Prediction of methylation status of MGMT promoter in WHO gradeⅡ,Ⅲ glioma based on MRI deep learning model
10.3760/cma.j.cn112149-20200825-01029
- VernacularTitle:基于MRI深度学习模型预测WHOⅡ、Ⅲ级胶质瘤MGMT启动子甲基化状态
- Author:
Caiqiang XUE
1
;
Xiaohao DU
;
Long JIN
;
Xiaoai KE
;
Bin ZHANG
;
Junlin ZHOU
Author Information
1. 兰州大学第二医院放射科 兰州大学第二临床医学院 甘肃省医学影像重点实验室 730030
- Keywords:
Glioma;
Magnetic resonance imaging;
O 6-methylguanine-DNA methyhransferase;
Deep learning
- From:
Chinese Journal of Radiology
2021;55(7):734-738
- CountryChina
- Language:Chinese
-
Abstract:
Objective:To explore the value of a deep learning model based on MRI in predicting the methylation status of MGMT in WHO Ⅱ, Ⅲ gliomas.Methods:The clinical and imaging data of 121 patients with WHO grade Ⅱ, Ⅲ glioma confirmed by surgical pathology and molecular pathology in the Second Hospital of Lanzhou University from June 2016 to June 2020 were retrospectively analyzed. Among them, the MGMT promoter was methylated. A total of 78 cases were metabolized and 43 cases were unmethylated. T 2WI and T 1WI enhanced sequence images of 121 cases of WHO Ⅱ, Ⅲ gliomas were collected, and all the images of each patient including the lesion level were selected manually, and were randomly divided into training set and validation set according to 7∶3. The EfficientNet-B3 convolutional neural network was used to build independent prediction models (T 2-net, T 1C-net, TS-net) based on T 2WI, T 1WI enhancement, T 2WI combined with T 1WI enhancement, and the prediction performance of each model was evaluated separately through the ROC curve. Results:The T 2-net model in the validation set presented an accuracy of 72.3%, a sensitivity of 64.7%, a specificity of 73.3%, and an area under the curve (AUC) of 0.72 for predicting the methylation status of the MGMT promoter in WHO Ⅱ, Ⅲ gliomas.

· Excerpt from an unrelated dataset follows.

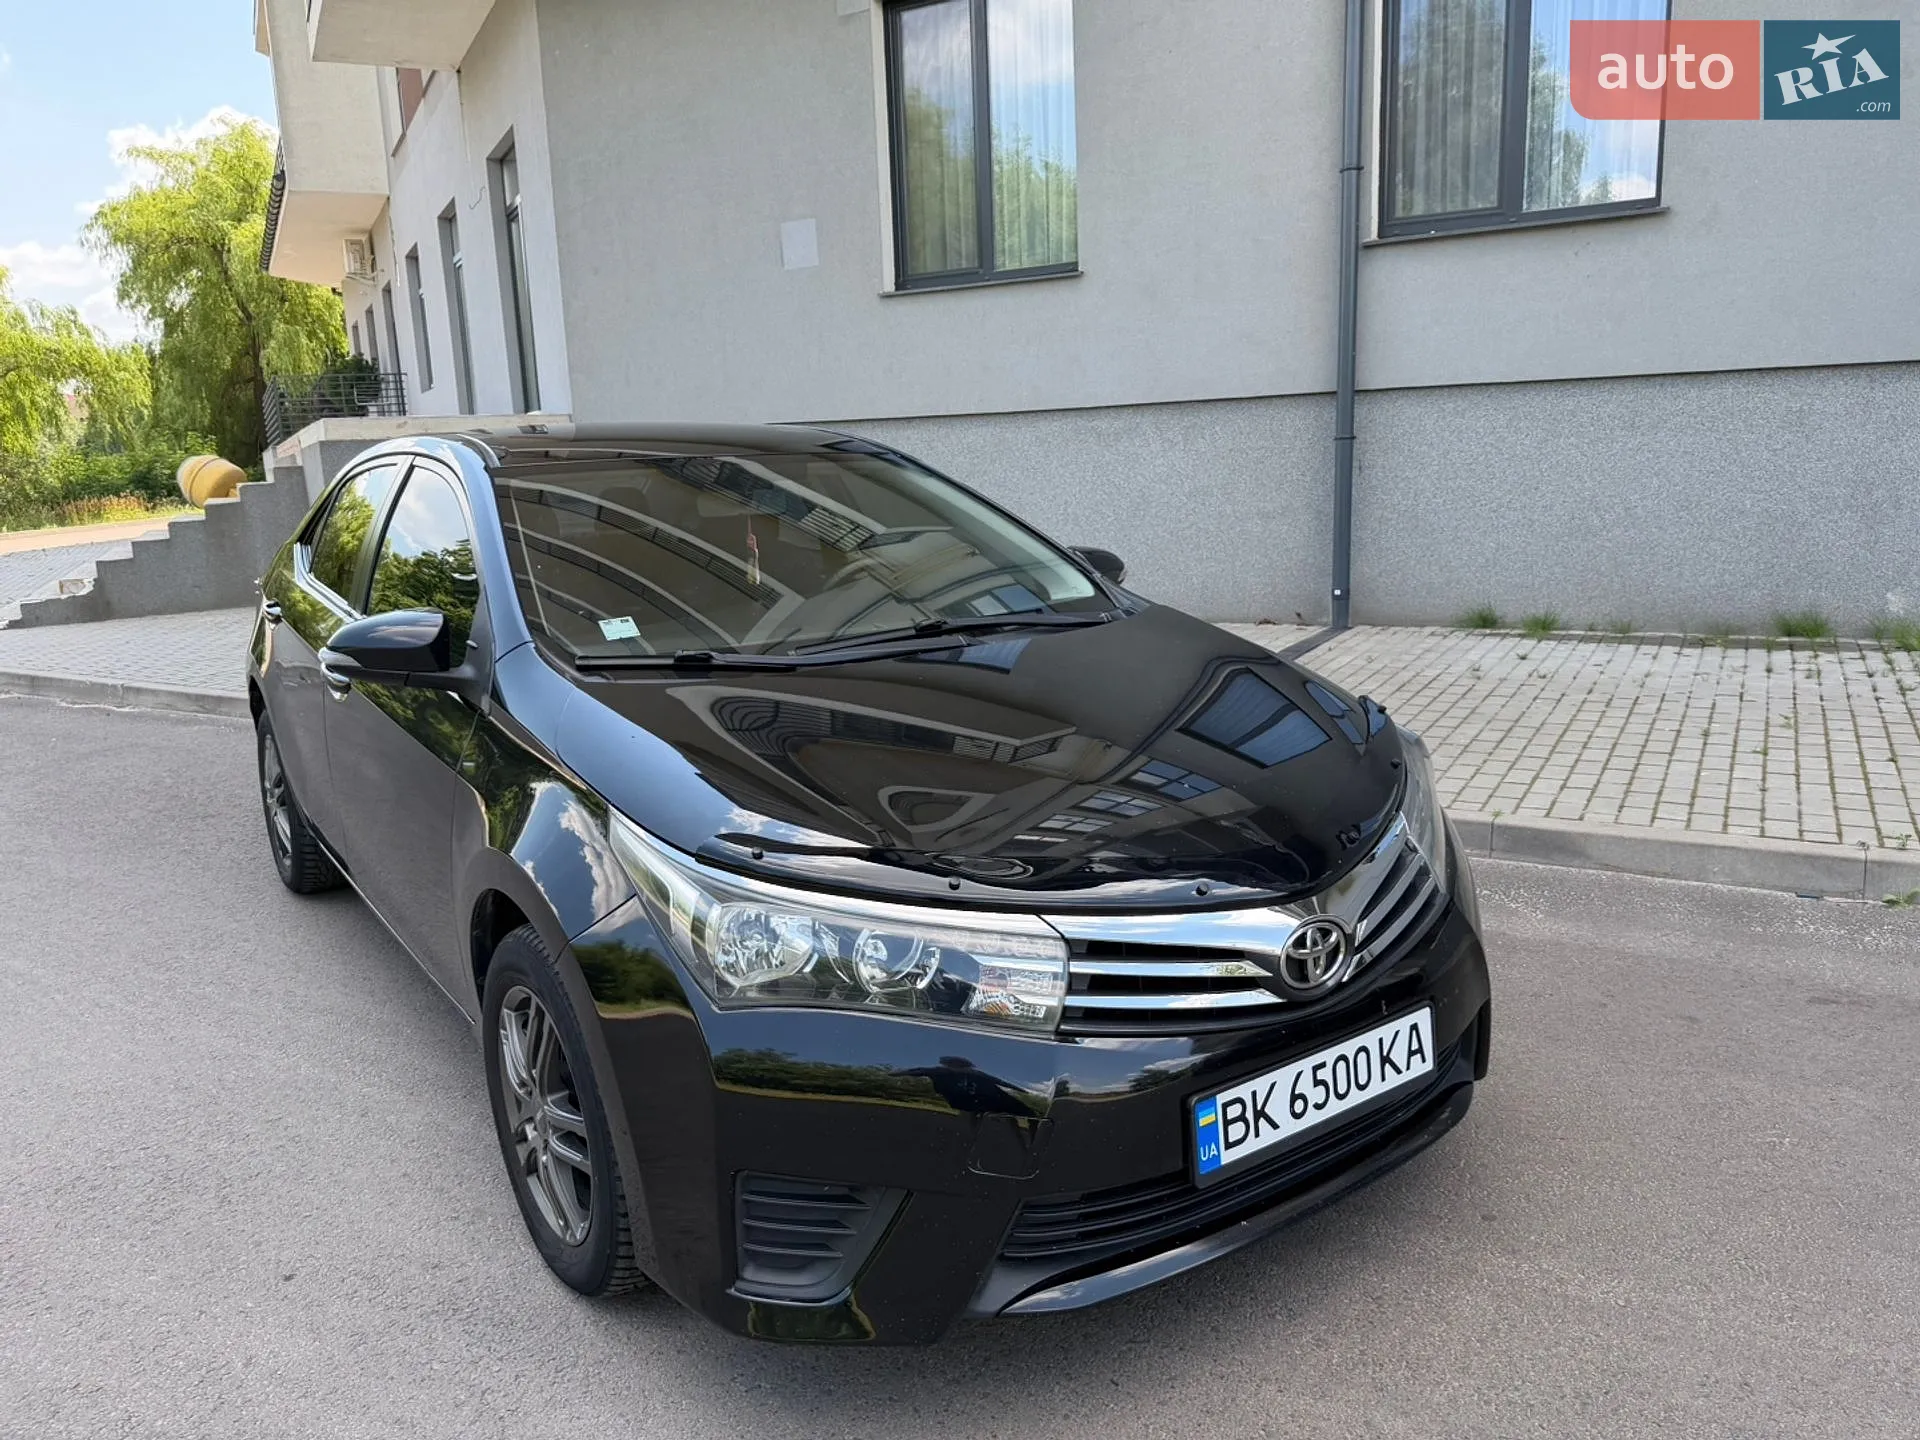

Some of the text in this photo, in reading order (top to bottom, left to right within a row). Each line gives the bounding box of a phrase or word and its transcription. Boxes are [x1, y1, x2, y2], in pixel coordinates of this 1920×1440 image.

[1221, 1022, 1427, 1152] BK 6500 KA
[1200, 1142, 1218, 1162] UA

The T 1C-net model showed an accuracy of 66.8%, a sensitivity of 68.3%, a specificity of 66.9%, and an AUC of 0.72. The TS-net model showed an accuracy of 81.8%, a sensitivity of 63.1%, a specificity of 85.0%, and AUC of 0.78. Conclusions:The EfficientNet-B3 convolutional neural network based on MRI can predict the methylation status of the MGMT promoter of WHO Ⅱ, Ⅲ gliomas; the TS-net model has the best prediction performance.